DESCRIPTION OF THE TASK - An image-free, word-for-word version of the records below is to be returned.

(Items from a data source)
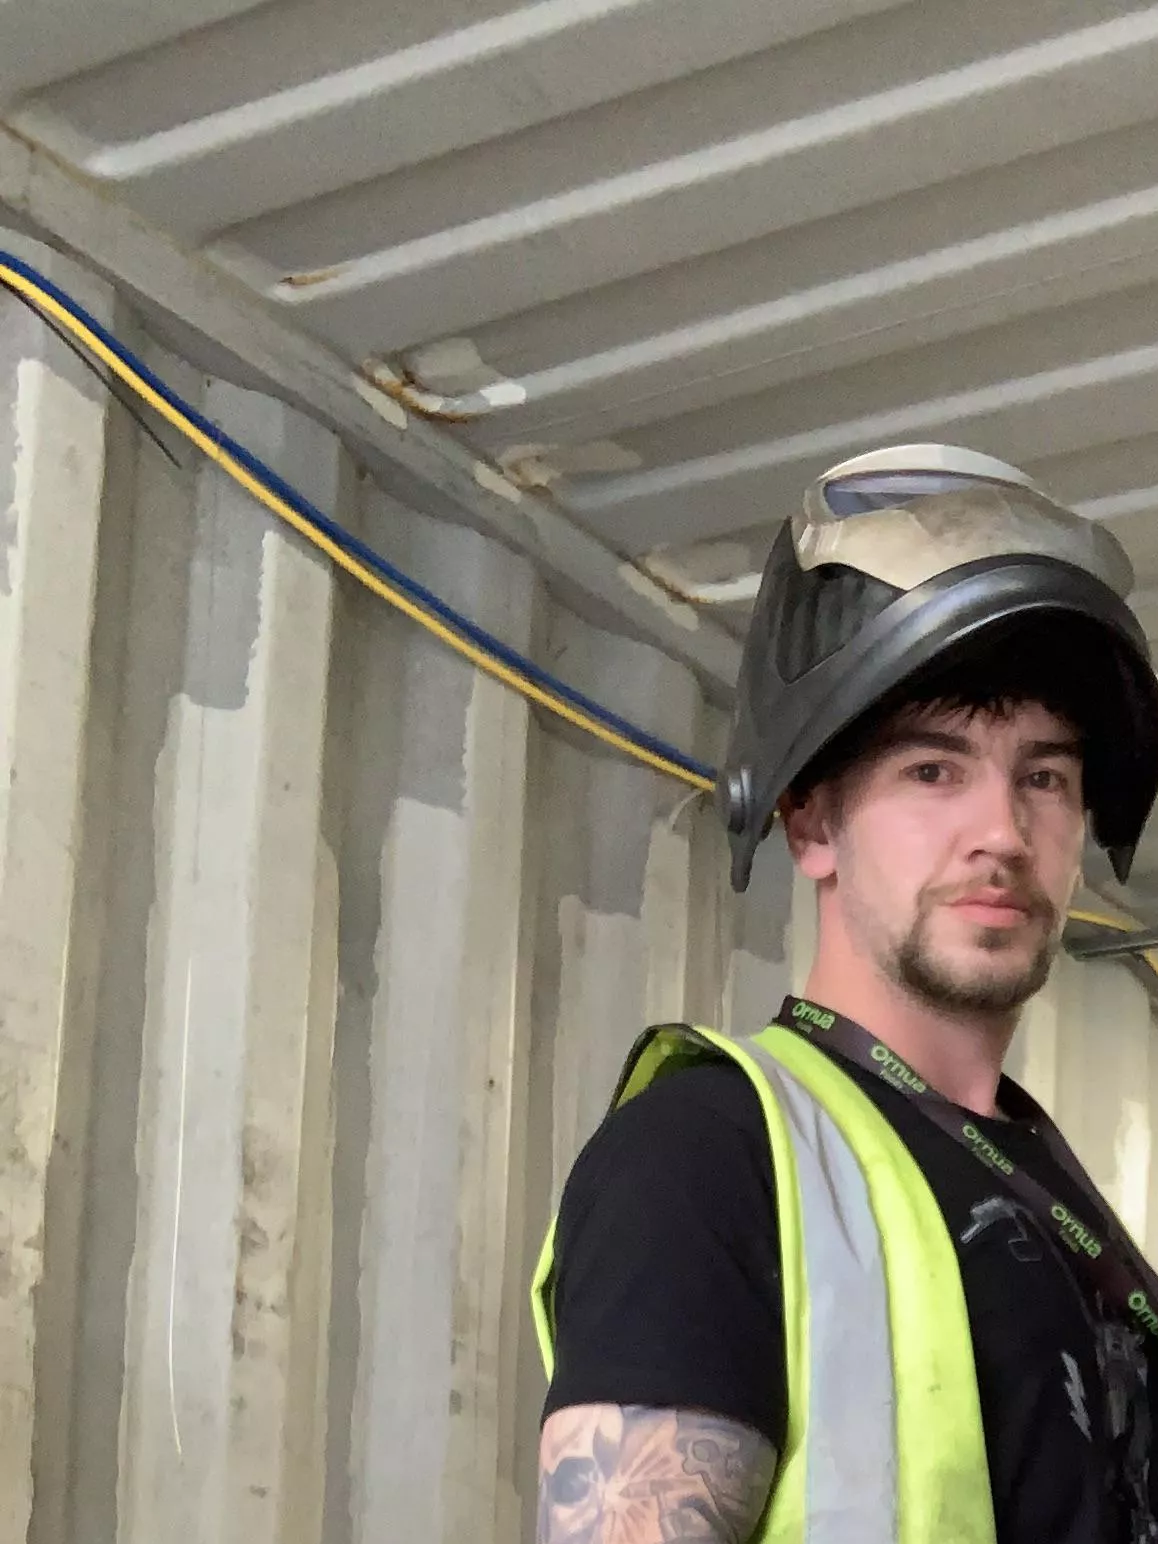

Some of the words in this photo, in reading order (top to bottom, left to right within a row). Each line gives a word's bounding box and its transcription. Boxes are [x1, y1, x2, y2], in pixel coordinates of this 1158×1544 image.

[792, 1002, 835, 1030] Ornua
[871, 1045, 926, 1093] Ornua
[962, 1125, 1014, 1175] Ornua
[1052, 1206, 1102, 1259] Ornua

EXPECTED ANSWER -
Some of the words in this photo, in reading order (top to bottom, left to right within a row). Each line gives a word's bounding box and its transcription. Boxes are [x1, y1, x2, y2], in pixel coordinates of this 1158×1544 image.

[792, 1002, 835, 1030] Ornua
[871, 1045, 926, 1093] Ornua
[962, 1125, 1014, 1175] Ornua
[1052, 1206, 1102, 1259] Ornua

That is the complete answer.